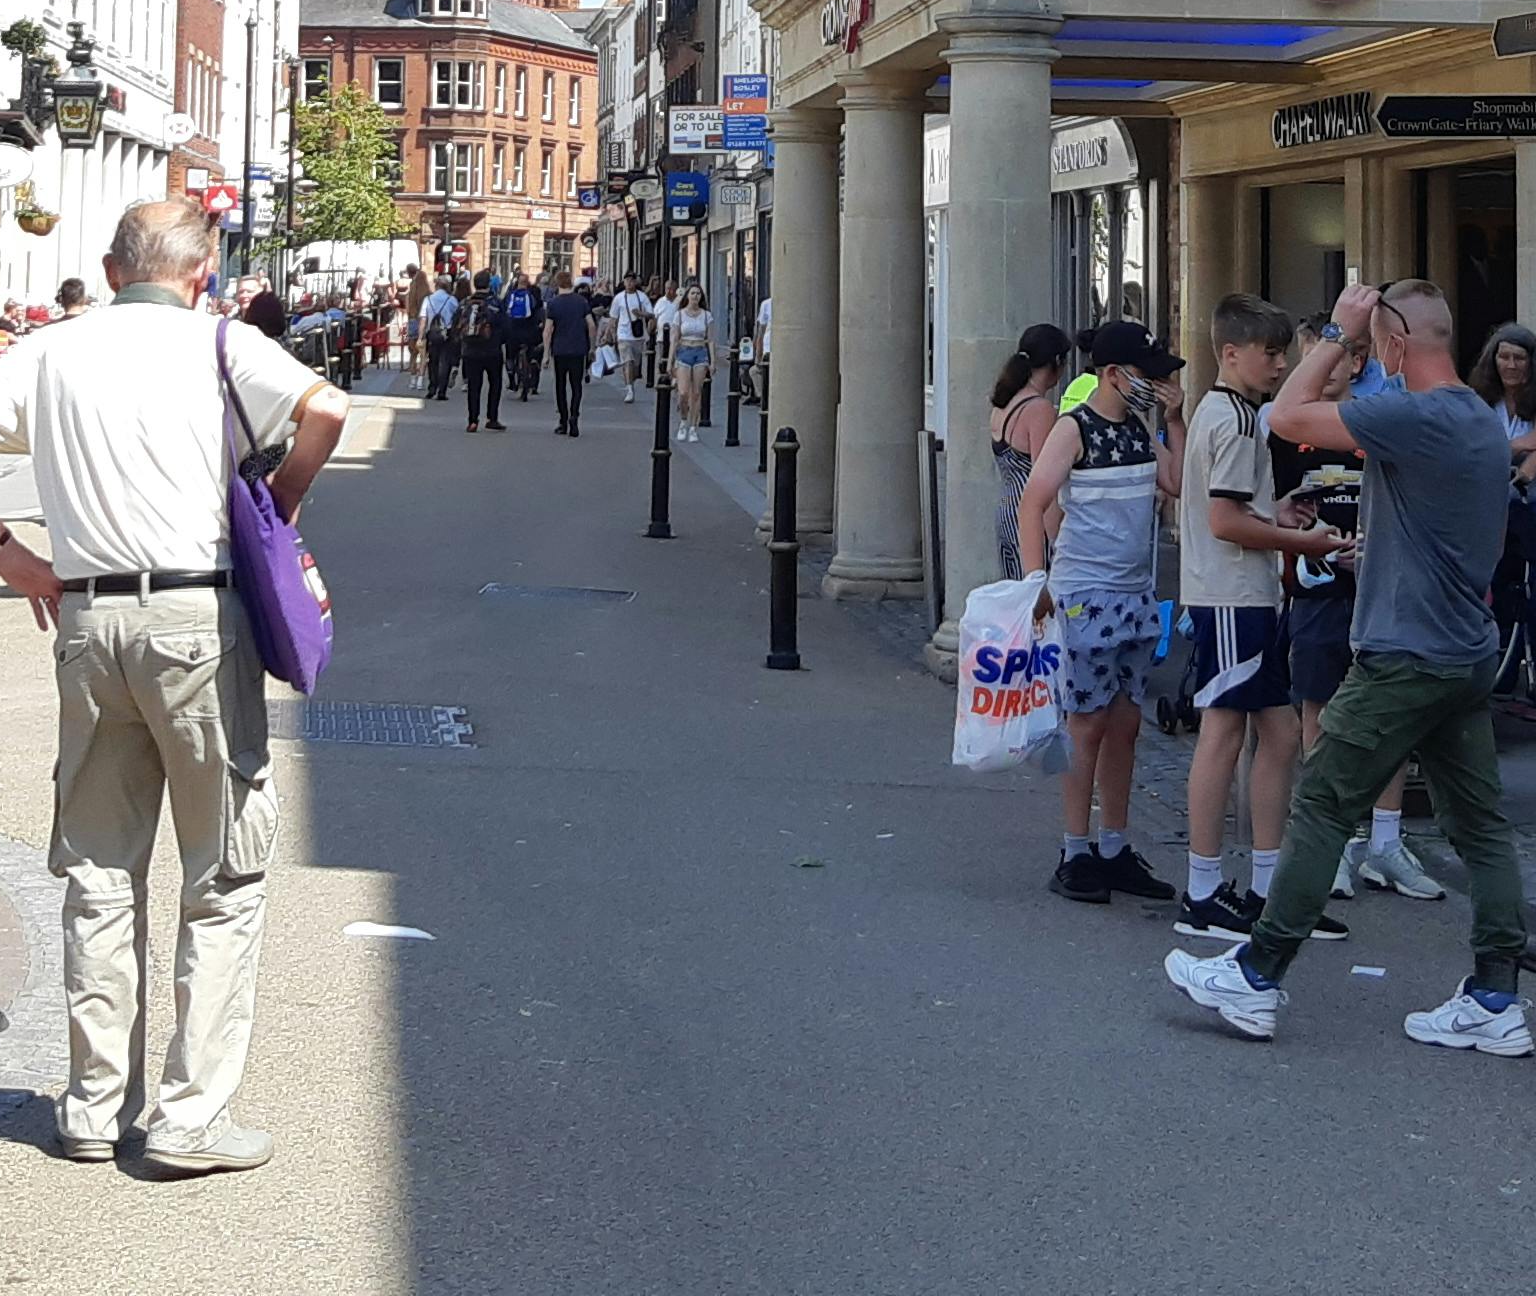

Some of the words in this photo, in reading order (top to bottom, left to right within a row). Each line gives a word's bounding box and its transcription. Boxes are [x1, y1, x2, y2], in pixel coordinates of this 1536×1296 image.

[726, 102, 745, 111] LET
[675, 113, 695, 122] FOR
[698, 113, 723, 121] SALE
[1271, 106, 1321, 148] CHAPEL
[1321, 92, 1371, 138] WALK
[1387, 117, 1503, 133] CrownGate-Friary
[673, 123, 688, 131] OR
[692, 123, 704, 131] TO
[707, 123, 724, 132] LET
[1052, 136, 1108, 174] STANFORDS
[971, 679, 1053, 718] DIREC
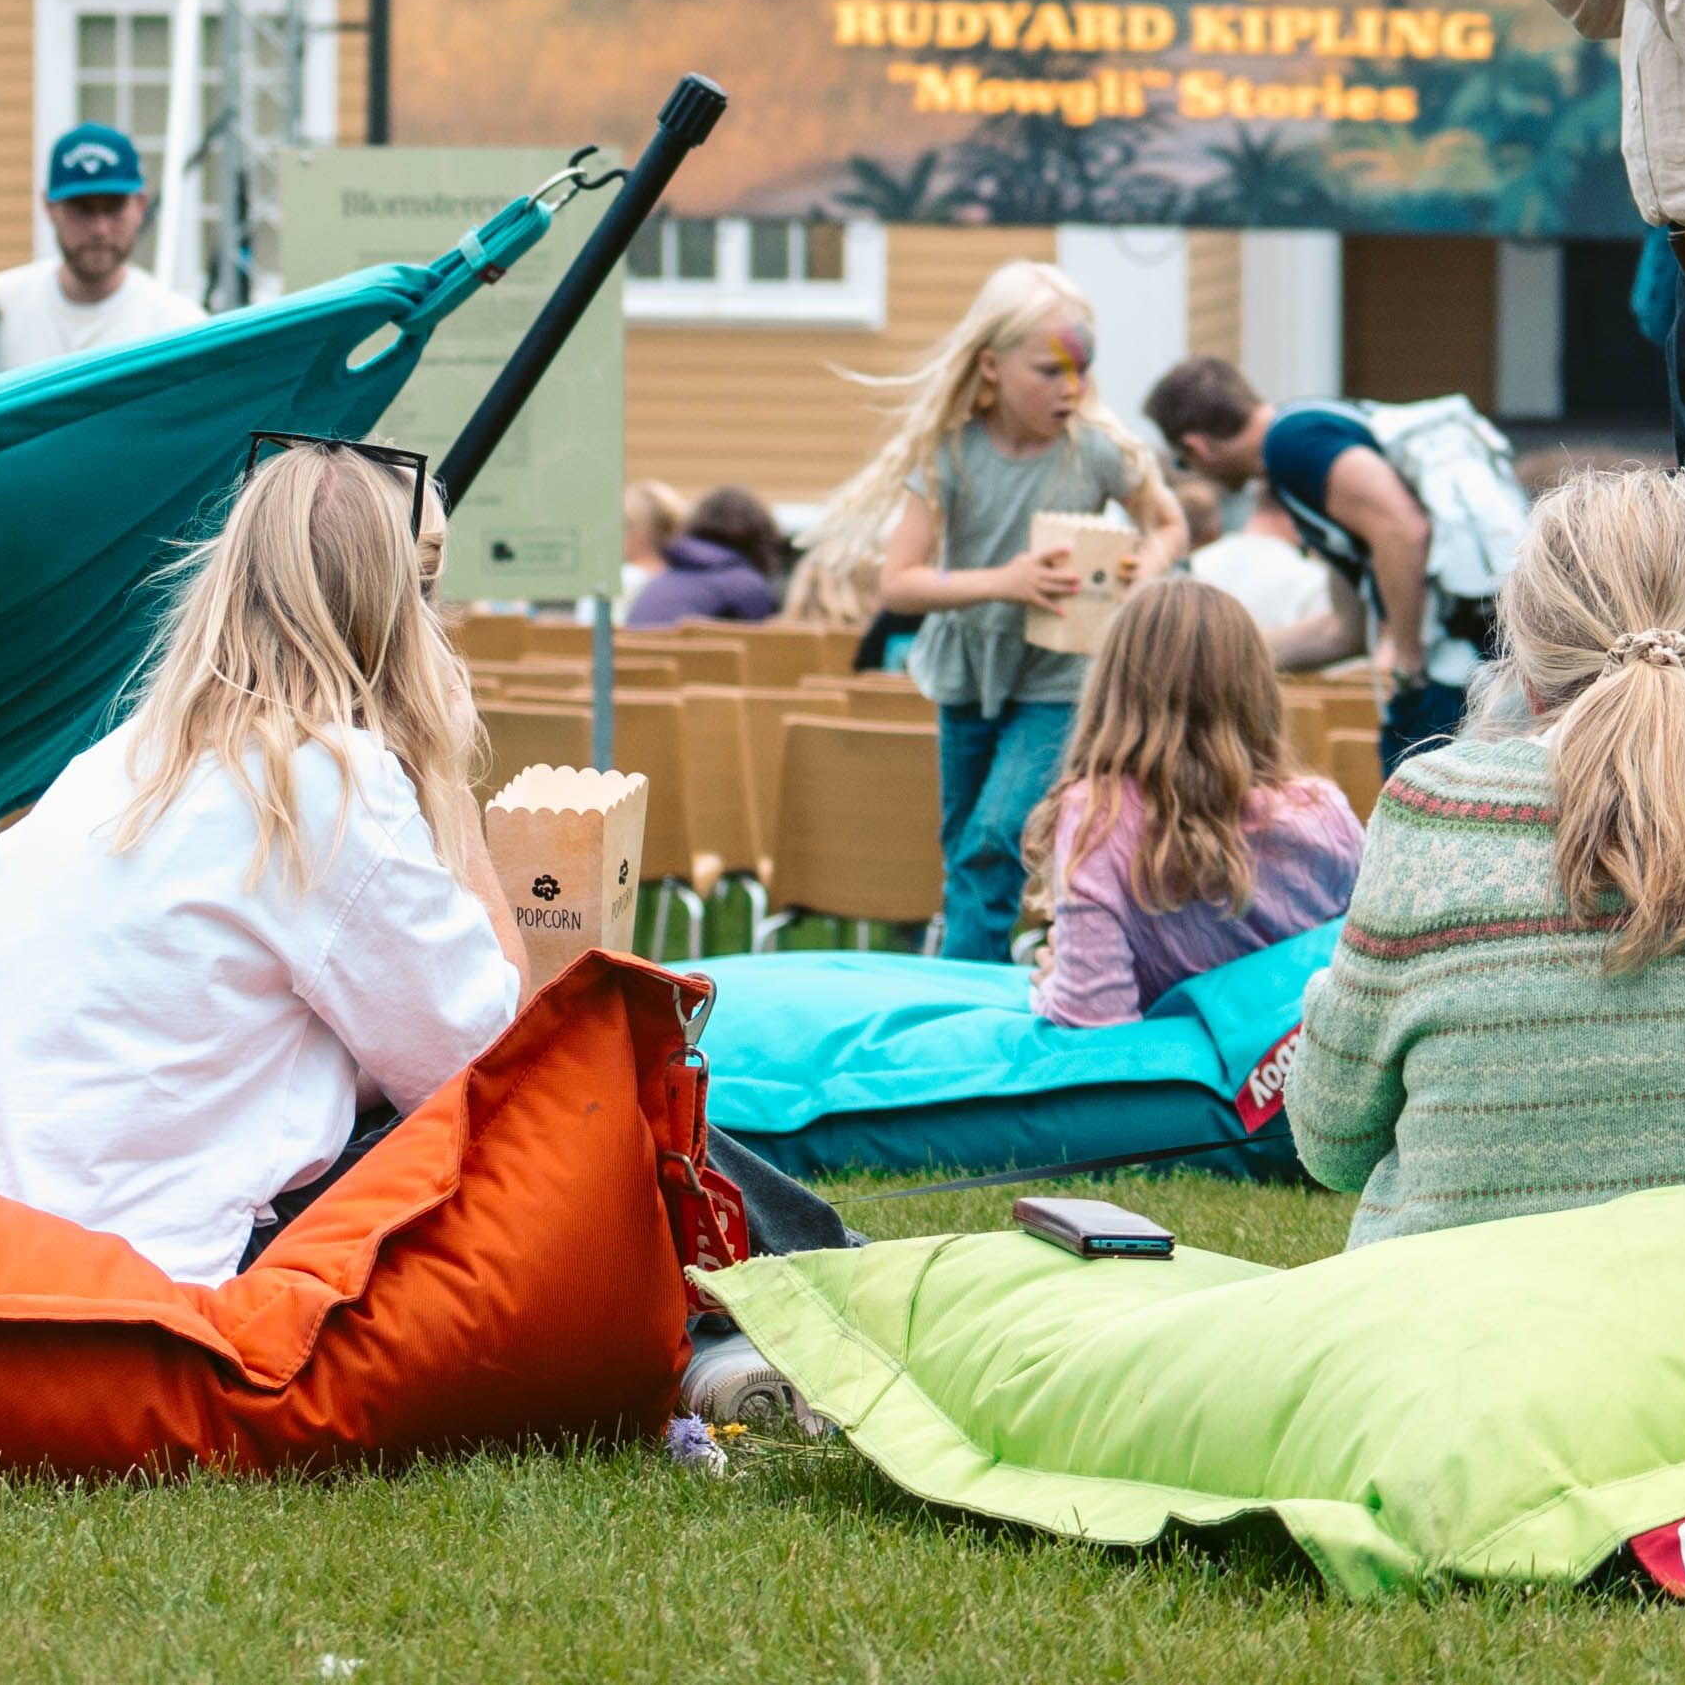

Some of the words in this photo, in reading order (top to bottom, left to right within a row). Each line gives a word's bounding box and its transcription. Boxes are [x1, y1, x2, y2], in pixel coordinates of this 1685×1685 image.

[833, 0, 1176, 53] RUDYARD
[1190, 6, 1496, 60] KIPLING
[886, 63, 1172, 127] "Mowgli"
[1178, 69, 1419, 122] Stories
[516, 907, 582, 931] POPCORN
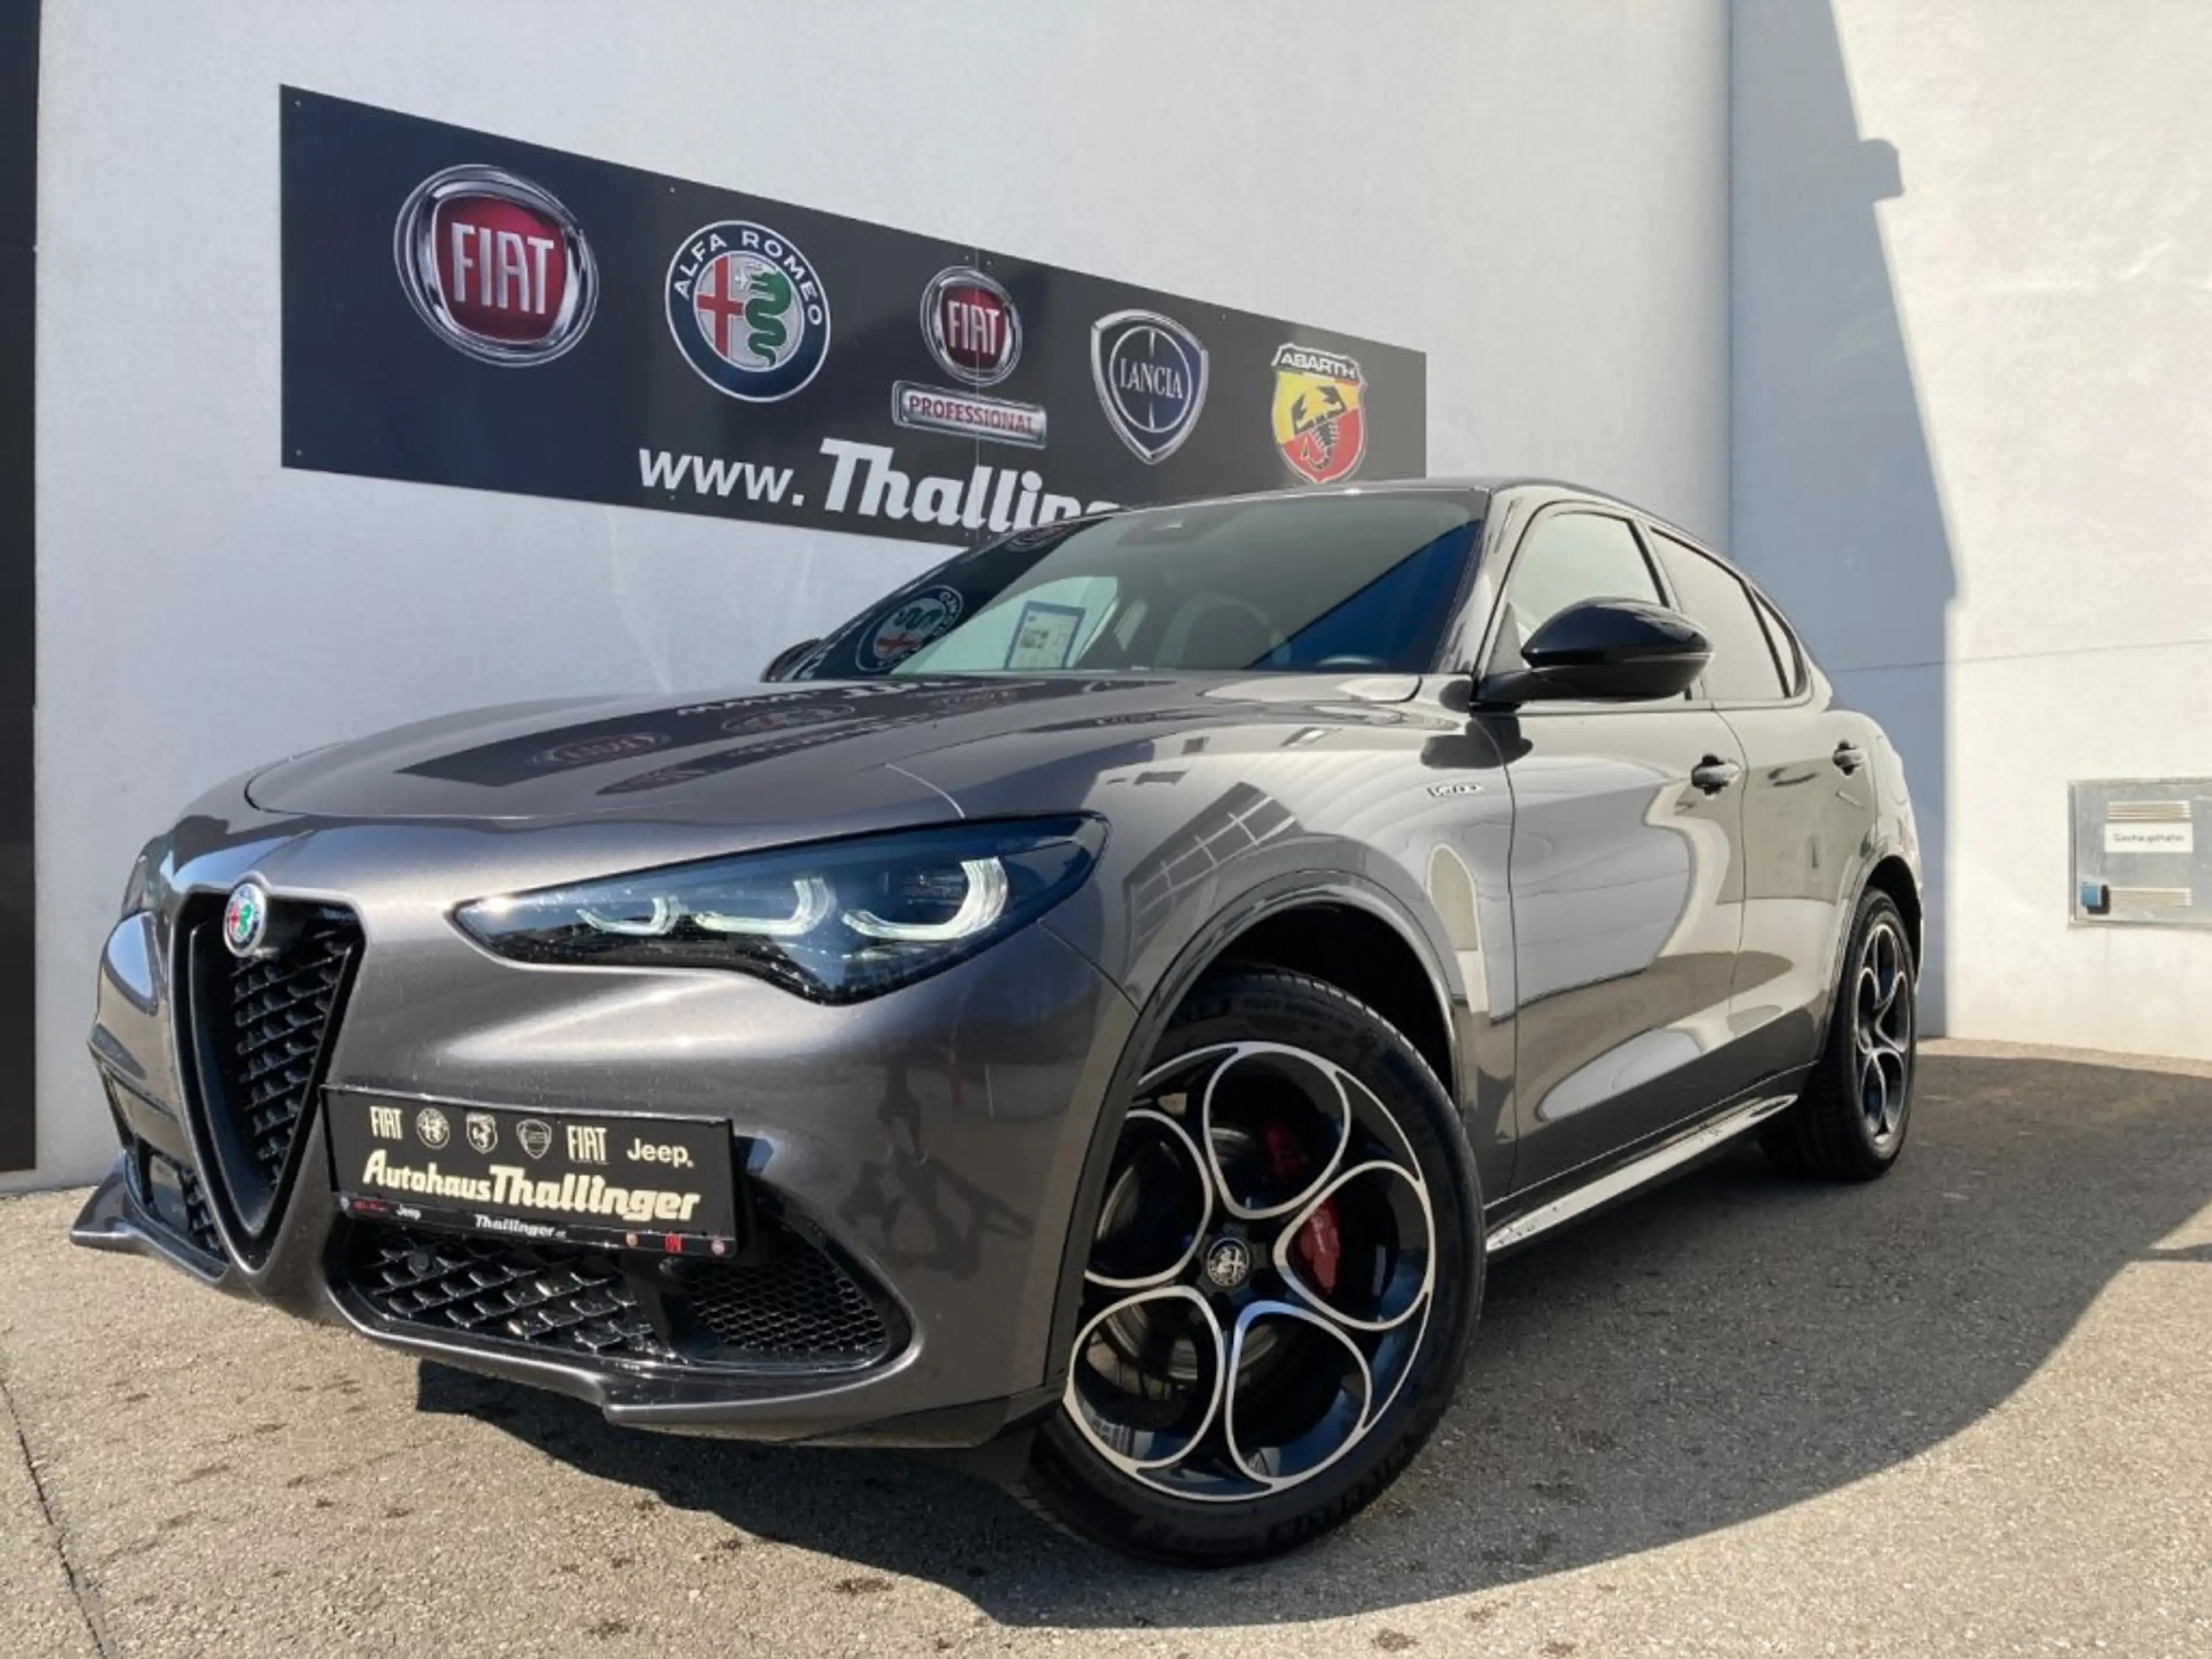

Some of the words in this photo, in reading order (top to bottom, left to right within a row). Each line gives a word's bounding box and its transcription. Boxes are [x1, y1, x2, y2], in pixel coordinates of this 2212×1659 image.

______

* **What this task involves**:
Line by line and exactly, write out the material above. Skip the pictures.

* **Exercise answer**:
Some of the words in this photo, in reading order (top to bottom, left to right within a row). Each line gives a word's bounding box and its transcription. Boxes are [x1, y1, x2, y2], in pixel coordinates of this 1536×1296 image.

[726, 102, 745, 111] LET
[675, 113, 695, 122] FOR
[698, 113, 723, 121] SALE
[1271, 106, 1321, 148] CHAPEL
[1321, 92, 1371, 138] WALK
[1387, 117, 1503, 133] CrownGate-Friary
[673, 123, 688, 131] OR
[692, 123, 704, 131] TO
[707, 123, 724, 132] LET
[1052, 136, 1108, 174] STANFORDS
[971, 679, 1053, 718] DIREC

Some of the words in this photo, in reading order (top to bottom, left to right within a row). Each line gives a word's bounding box and its transcription. Boxes are [x1, y1, x2, y2], in pixel coordinates of this 1685×1685 image.

[833, 0, 1176, 53] RUDYARD
[1190, 6, 1496, 60] KIPLING
[886, 63, 1172, 127] "Mowgli"
[1178, 69, 1419, 122] Stories
[516, 907, 582, 931] POPCORN

Some of the words in this photo, in reading order (top to bottom, left to right within a row). Each line gives a word's bounding box and its transcription. Boxes are [x1, y1, x2, y2], in pixel coordinates of this 2212×1659 image.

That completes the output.